> _Work item_
Reproduce the data below word for word, setting aside any picture it holds.

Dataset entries
- Opening Delimiter -
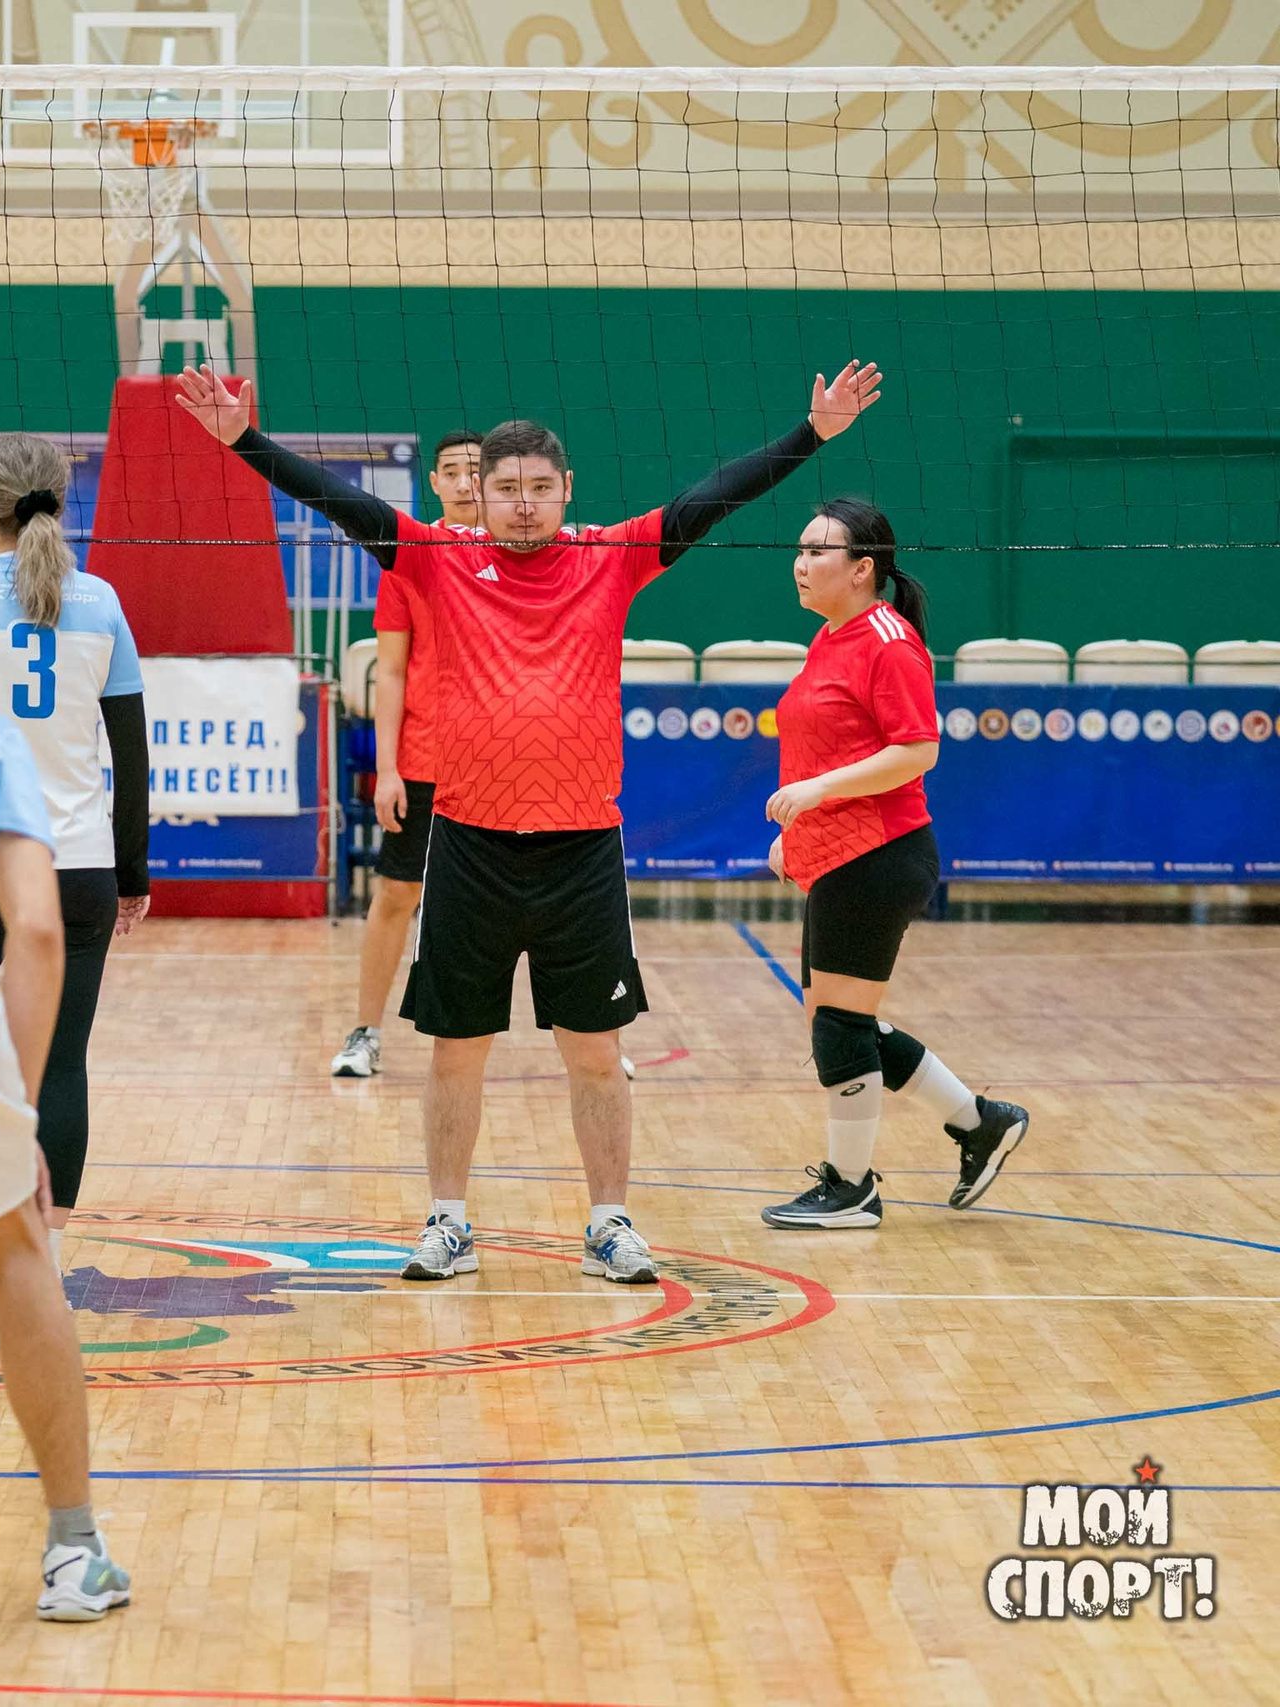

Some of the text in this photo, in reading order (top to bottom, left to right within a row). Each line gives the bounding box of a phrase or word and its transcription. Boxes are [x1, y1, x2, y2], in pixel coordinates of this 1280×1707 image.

[11, 622, 57, 719] 3
[101, 763, 288, 793] ПИНЕСЁТ!!
[279, 1344, 607, 1375] ВИДОВ
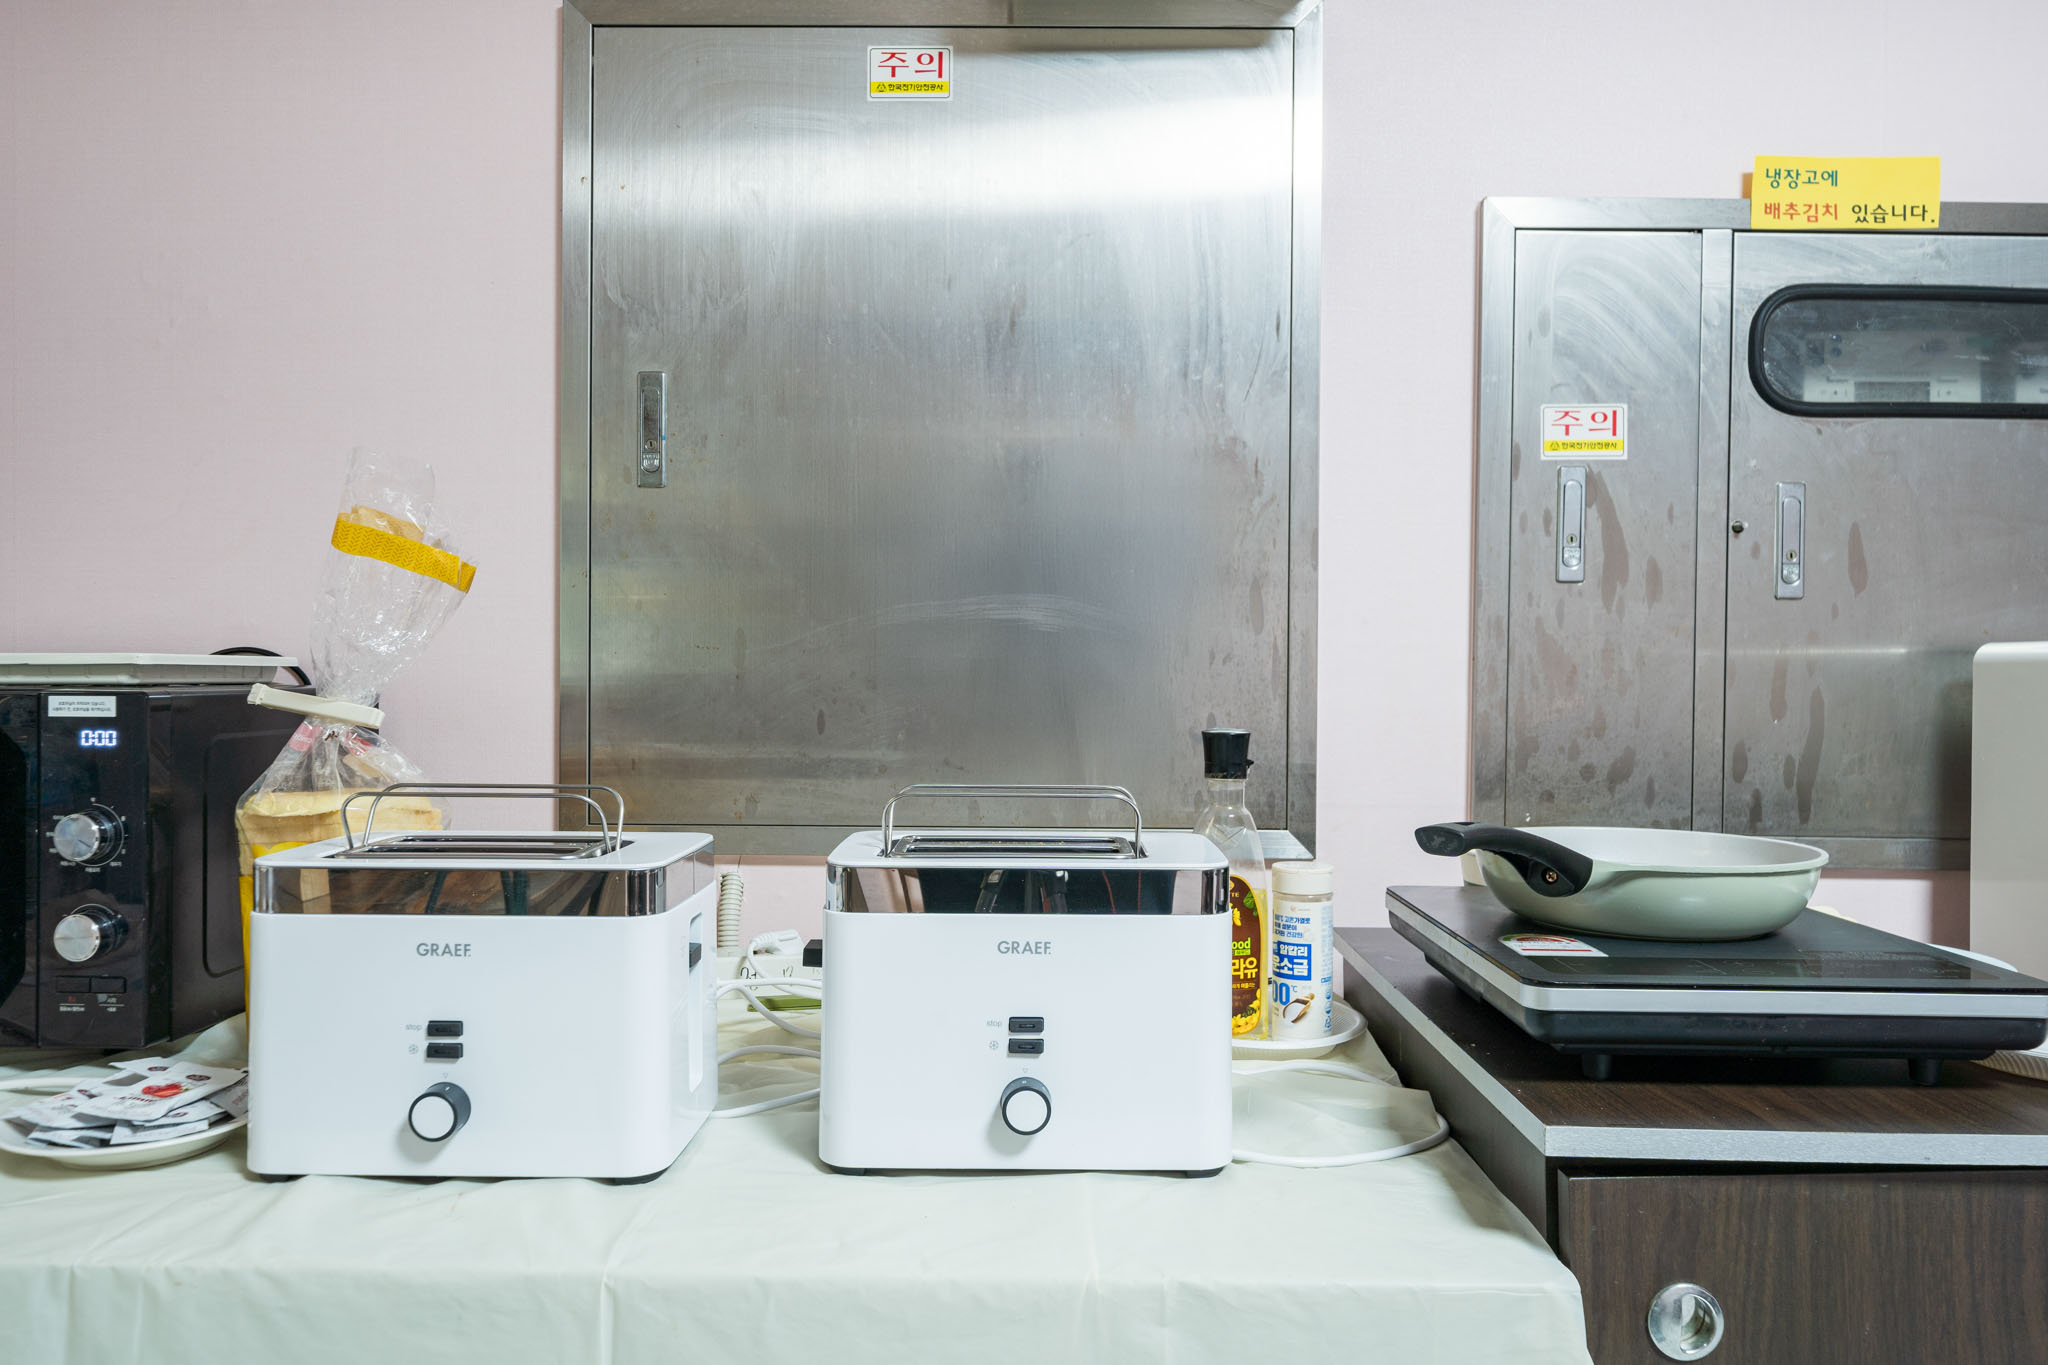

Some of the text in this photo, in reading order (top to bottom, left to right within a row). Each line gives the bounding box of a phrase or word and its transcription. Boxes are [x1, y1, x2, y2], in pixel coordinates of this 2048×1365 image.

[877, 51, 943, 79] 주의
[888, 83, 943, 91] 한국전기안전공사
[1765, 168, 1839, 190] 냉장고에
[1764, 202, 1936, 224] 배추김치 있습니다.
[1551, 409, 1617, 437] 주의
[80, 729, 117, 747] 0:00
[1231, 937, 1251, 950] ood
[1231, 957, 1258, 979] 라유
[1272, 955, 1309, 976] 운소금
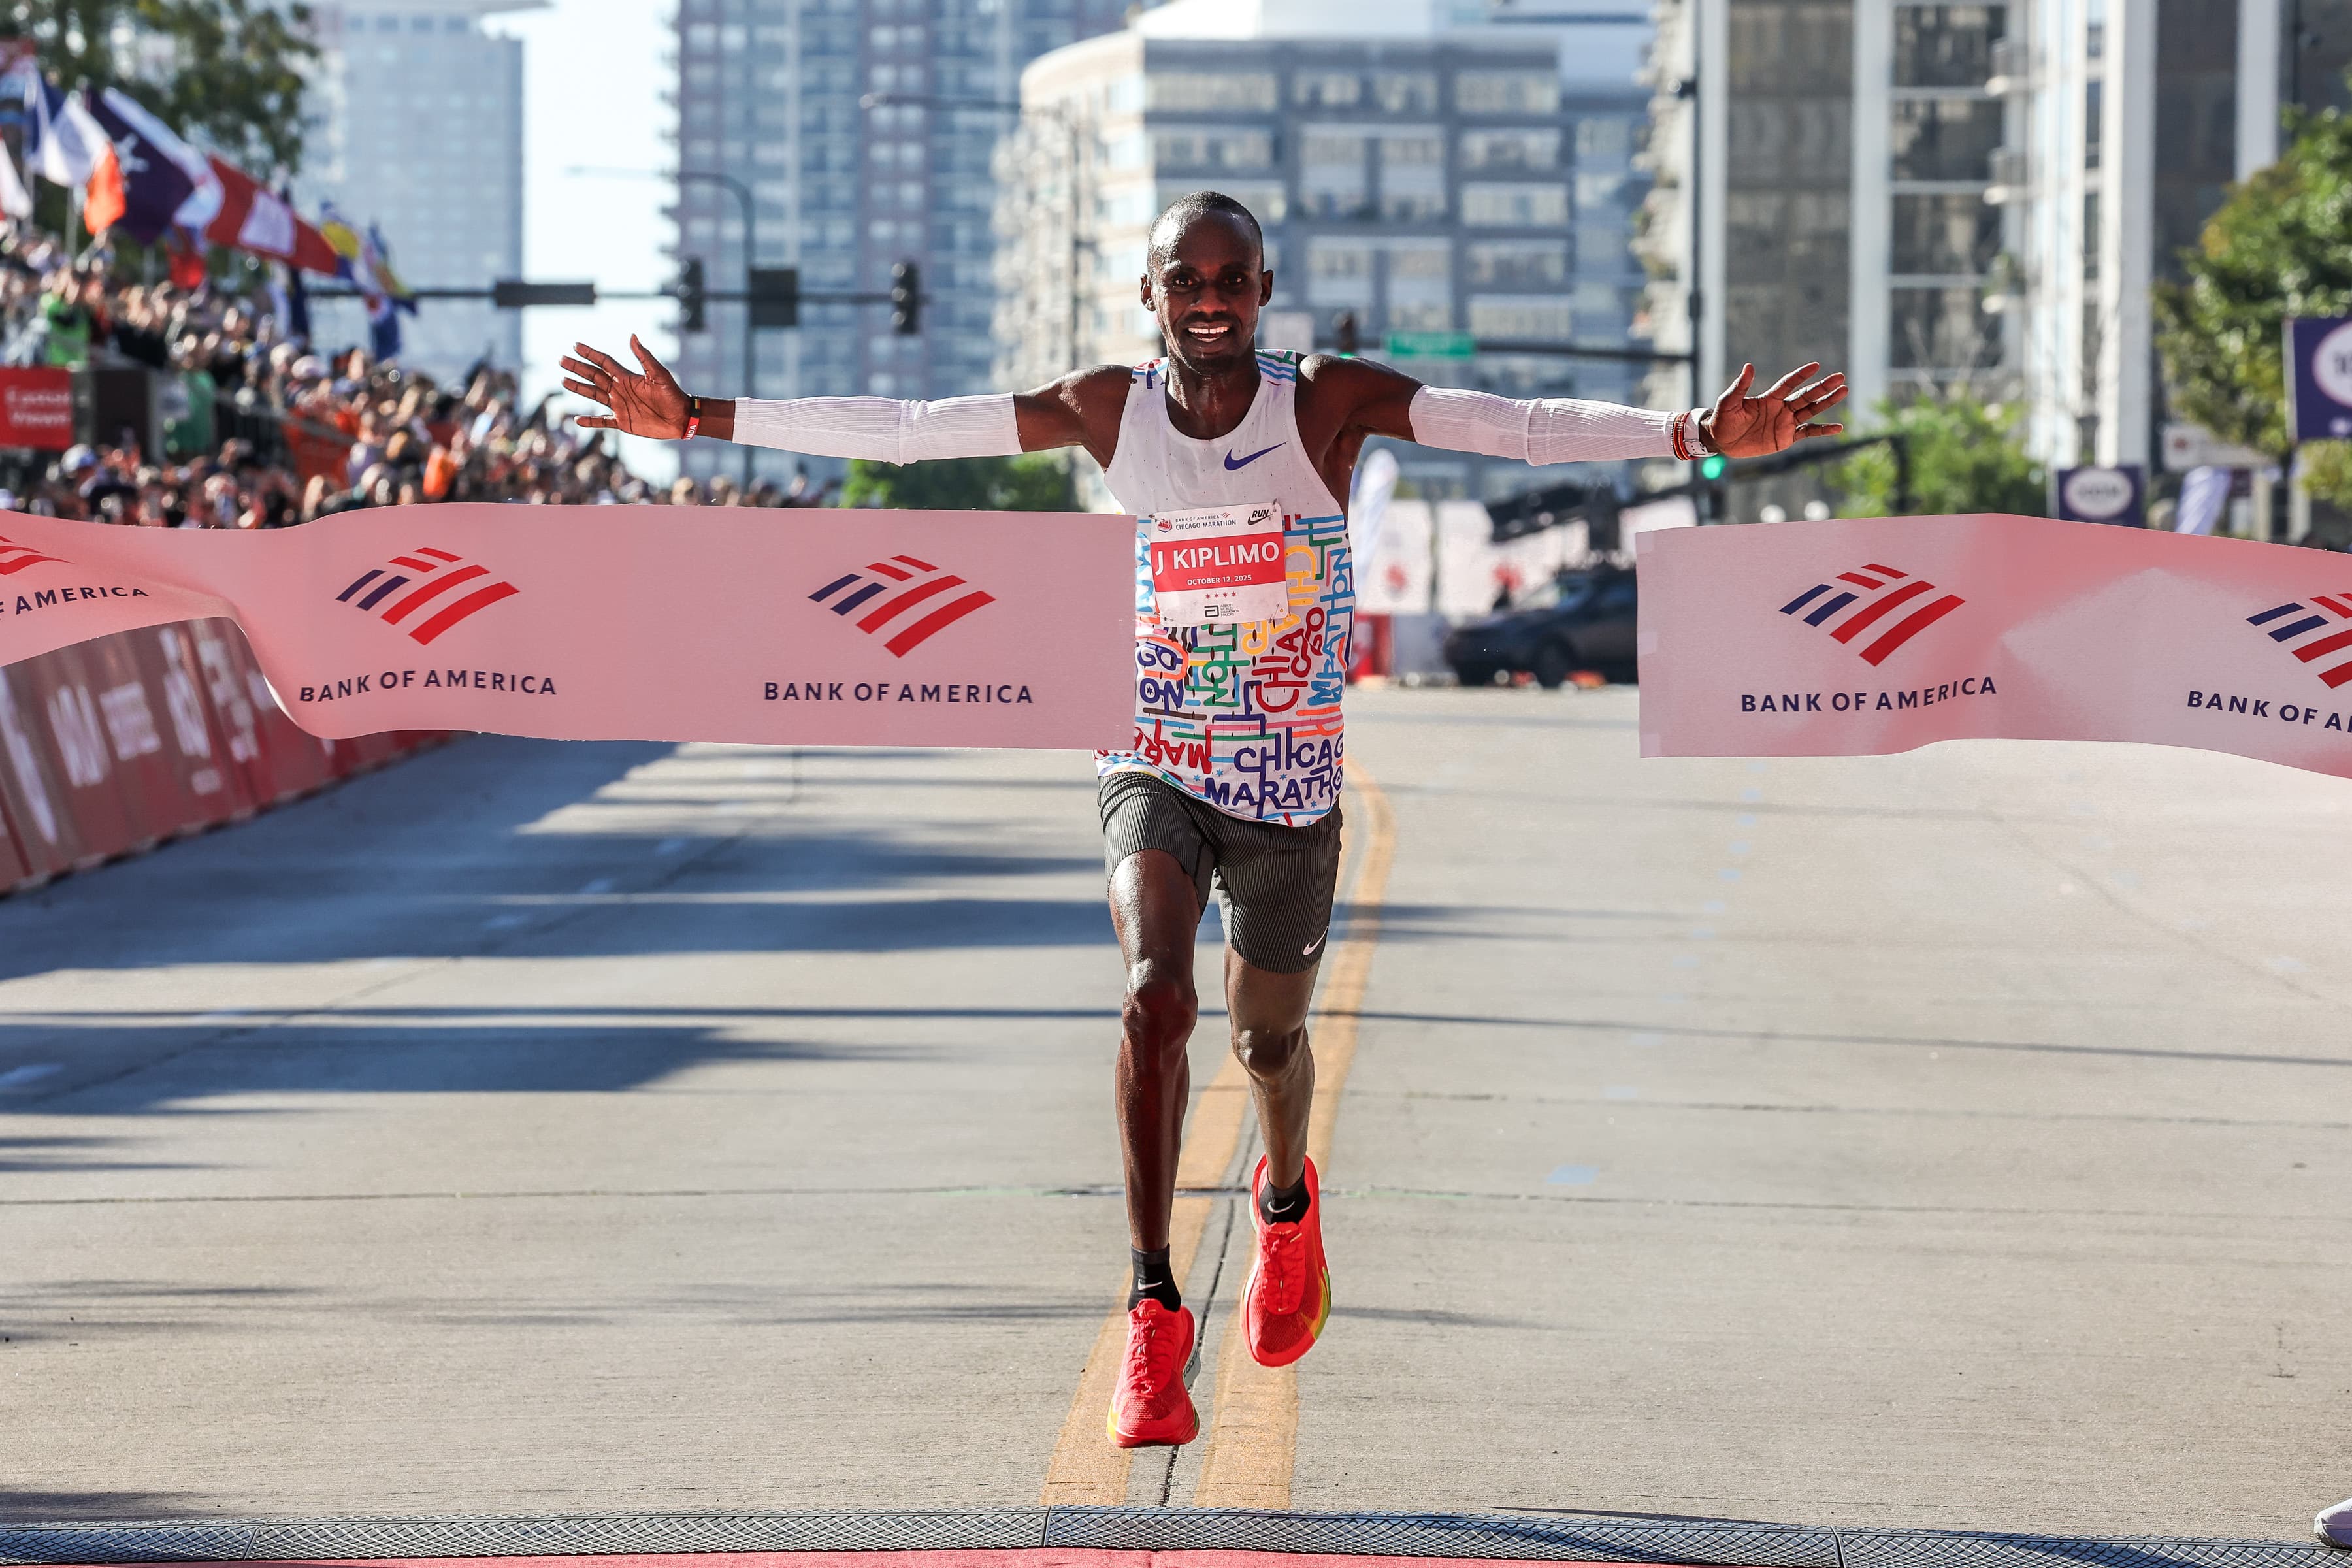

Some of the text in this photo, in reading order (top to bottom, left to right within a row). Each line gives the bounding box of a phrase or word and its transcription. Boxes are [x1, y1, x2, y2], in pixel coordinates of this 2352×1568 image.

[1176, 519, 1237, 531] CHICAGO MARATHON
[1252, 509, 1269, 518] RUN
[1154, 542, 1280, 576] J KIPLIMO
[1187, 577, 1220, 586] OCTOBER
[1222, 576, 1233, 584] 12,
[16, 587, 149, 615] AMERICA
[299, 674, 371, 702] BANK
[380, 670, 416, 689] OF
[423, 669, 557, 696] AMERICA
[764, 681, 1034, 704] BANK OF AMERICA
[1741, 676, 1997, 713] BANK OF AMERICA
[2187, 690, 2271, 718] BANK
[2279, 704, 2319, 725] OF
- Closing Delimiter -
> _Exercise result_
Some of the text in this photo, in reading order (top to bottom, left to right within a row). Each line gives the bounding box of a phrase or word and its transcription. Boxes are [x1, y1, x2, y2], in pixel coordinates of this 1280×1707 image.

[11, 622, 57, 719] 3
[101, 763, 288, 793] ПИНЕСЁТ!!
[279, 1344, 607, 1375] ВИДОВ

Some of the text in this photo, in reading order (top to bottom, left to right within a row). Each line gives the bounding box of a phrase or word and its transcription. Boxes are [x1, y1, x2, y2], in pixel coordinates of this 2048×1365 image.

[877, 51, 943, 79] 주의
[888, 83, 943, 91] 한국전기안전공사
[1765, 168, 1839, 190] 냉장고에
[1764, 202, 1936, 224] 배추김치 있습니다.
[1551, 409, 1617, 437] 주의
[80, 729, 117, 747] 0:00
[1231, 937, 1251, 950] ood
[1231, 957, 1258, 979] 라유
[1272, 955, 1309, 976] 운소금

Some of the text in this photo, in reading order (top to bottom, left to right within a row). Each line gives the bounding box of a phrase or word and its transcription. Boxes are [x1, y1, x2, y2], in pixel coordinates of this 2352×1568 image.

[1176, 519, 1237, 531] CHICAGO MARATHON
[1252, 509, 1269, 518] RUN
[1154, 542, 1280, 576] J KIPLIMO
[1187, 577, 1220, 586] OCTOBER
[1222, 576, 1233, 584] 12,
[16, 587, 149, 615] AMERICA
[299, 674, 371, 702] BANK
[380, 670, 416, 689] OF
[423, 669, 557, 696] AMERICA
[764, 681, 1034, 704] BANK OF AMERICA
[1741, 676, 1997, 713] BANK OF AMERICA
[2187, 690, 2271, 718] BANK
[2279, 704, 2319, 725] OF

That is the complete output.